Materials provided:
=-=-=-=-=
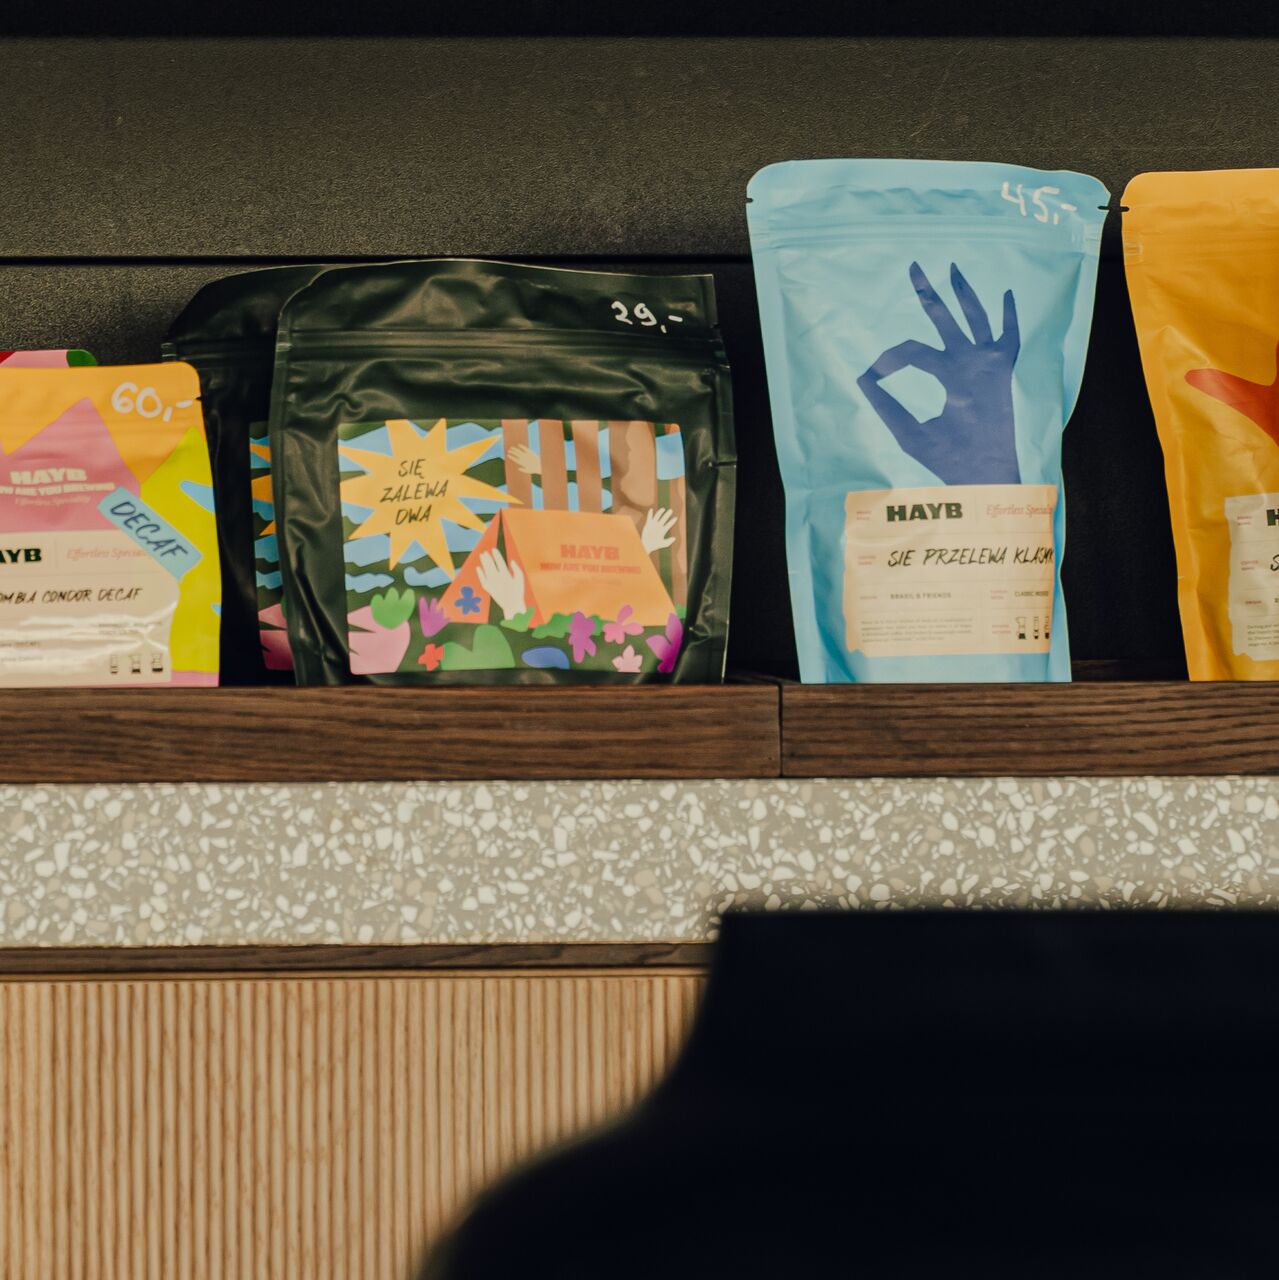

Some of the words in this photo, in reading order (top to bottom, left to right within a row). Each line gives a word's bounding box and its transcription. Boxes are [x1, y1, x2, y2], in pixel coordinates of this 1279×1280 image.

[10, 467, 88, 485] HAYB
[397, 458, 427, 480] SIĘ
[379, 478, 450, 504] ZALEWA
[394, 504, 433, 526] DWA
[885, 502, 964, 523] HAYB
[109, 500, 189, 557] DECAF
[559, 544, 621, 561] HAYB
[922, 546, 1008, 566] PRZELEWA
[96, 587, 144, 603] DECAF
=-=-=-=-=
Problem: Return the entries above exactly, skipping any images.

Solution to this exercise:
Some of the words in this photo, in reading order (top to bottom, left to right within a row). Each line gives a word's bounding box and its transcription. Boxes are [x1, y1, x2, y2], in pixel coordinates of this 1279×1280 image.

[10, 467, 88, 485] HAYB
[397, 458, 427, 480] SIĘ
[379, 478, 450, 504] ZALEWA
[394, 504, 433, 526] DWA
[885, 502, 964, 523] HAYB
[109, 500, 189, 557] DECAF
[559, 544, 621, 561] HAYB
[922, 546, 1008, 566] PRZELEWA
[96, 587, 144, 603] DECAF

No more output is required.